Indian biochemist, biotechnologist

Munia Ganguli is an Indian biochemist, biotechnologist and a scientist at the Institute of Genomics and Integrative Biology (IGIB). She is known for the development of non-invasive protocols of drug delivery and the team led by her was successful in developing a drug delivery system for skin disorders, using a nanometer-sized peptide complex carrying plasmid DNA which has since shown effective penetration and apparently without harming the skin. She holds two patents for the processes she has developed. At IGIB, she has established her laboratory where she hosts several research scholars and scientists. Her studies have been documented by way of a number of articles (Note: Please see Selected bibliography section) and ResearchGate, an online repository of scientific articles has listed 76 of them.

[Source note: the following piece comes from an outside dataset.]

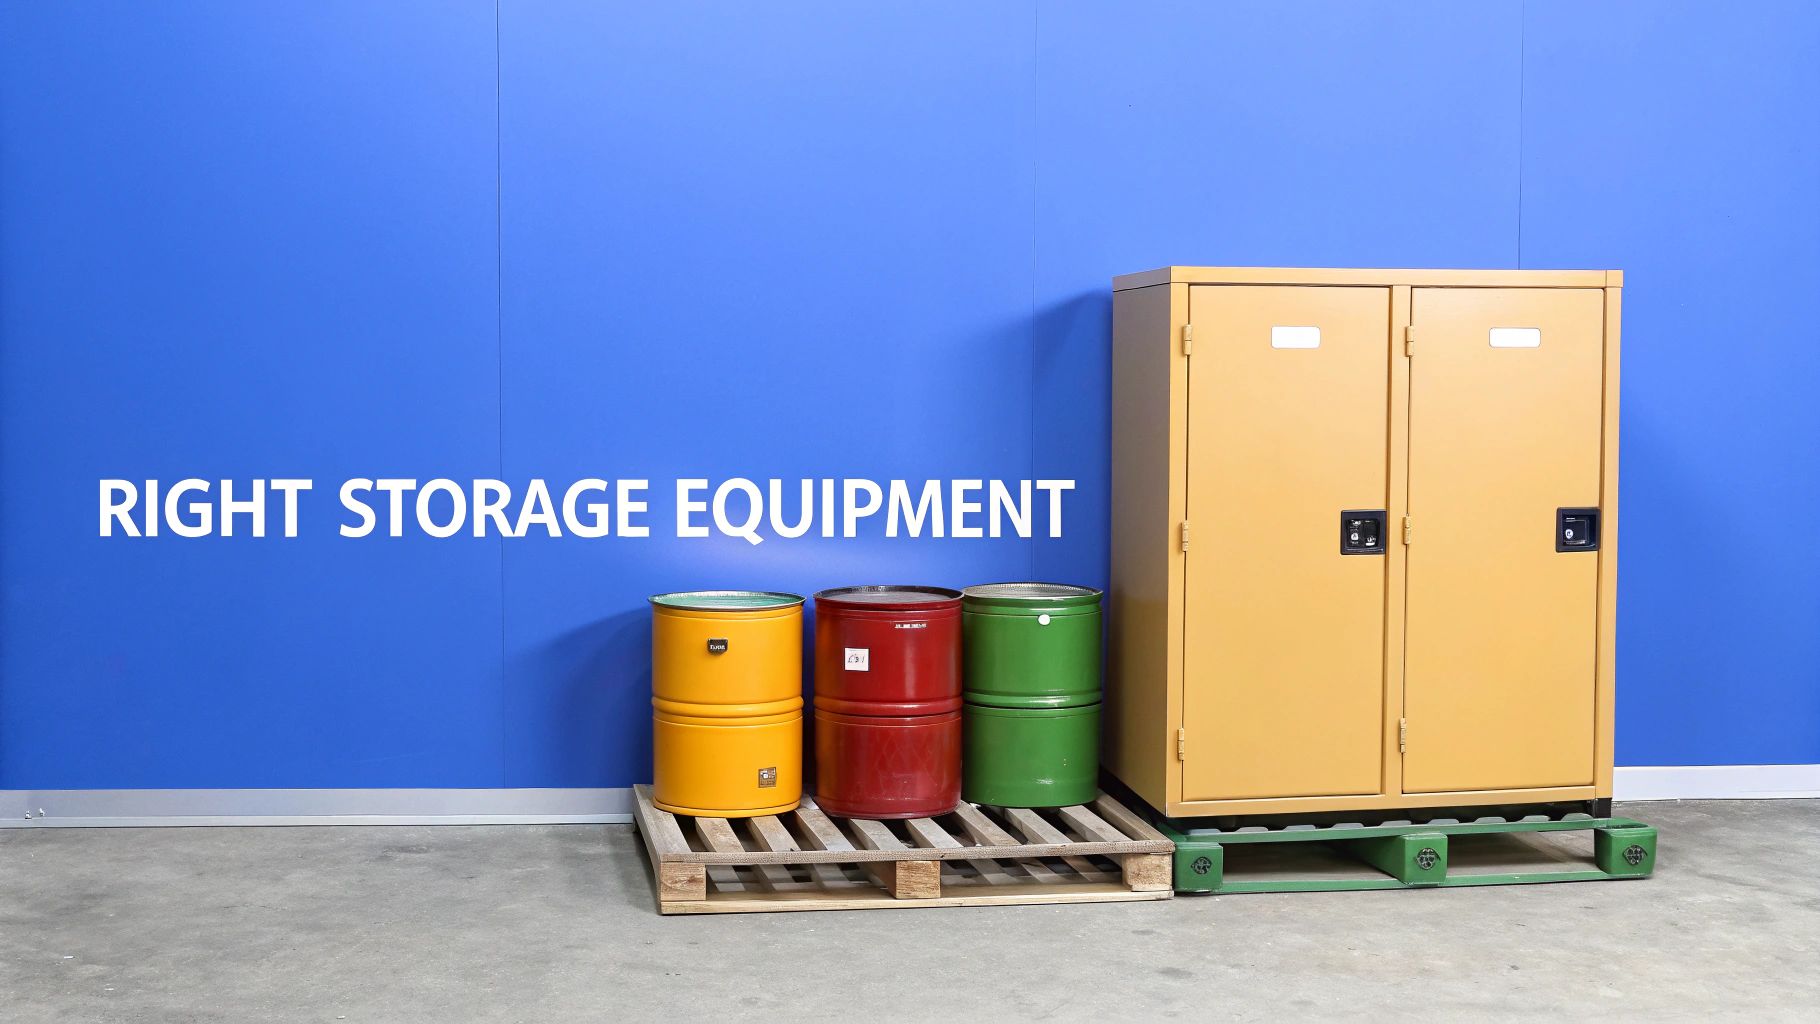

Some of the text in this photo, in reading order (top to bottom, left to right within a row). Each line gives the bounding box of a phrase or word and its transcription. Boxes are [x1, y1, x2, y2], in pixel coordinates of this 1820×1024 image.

[99, 477, 1076, 546] RIGHT STORAGE EQUIPMENT

Ganguli is a member of the contingent which represented IGIB in the Joint Research Initiative between CSIR and IGIB for interfacing chemistry with biology and has been a member of the editorial advisory committee of Nano Science and its Application, a national level seminar sponsored by the University Grants Commission. She has been the leader of the IGIB project, Nanomaterials and nanodevices for applications in health and disease, has delivered invited speeches which included the International Conference on Advances in Biological Systems and Materials Science in NanoWorld (ABSMSNW-2017) and guest edited the special volume of Science and Culture journal on Emerging Trends in Genomics : Applications in Health and Disease, published in January 2011. The Department of Biotechnology of the Government of India awarded her the National Bioscience Award for Career Development, one of the highest Indian science awards, for her contributions to biosciences, in 2012.

== Selected bibliography ==
- Sharma, Rajpal (2013). "Insight into the Role of Physicochemical Parameters in a Novel Series of Amphipathic Peptides for Efficient DNA Delivery"
- Naik, Rangeetha J. (2013). "Different roles of cell surface and exogenous glycosaminoglycans in controlling gene delivery by arginine-rich peptides with varied distribution of arginines"
- Ganguli, Munia (2015). "494. Glycosaminoglycans in Gene Delivery: An Effective Strategy for Enhancement of Transfection Efficiency of Amphipathic Peptides for Localized and Systemic Applications?"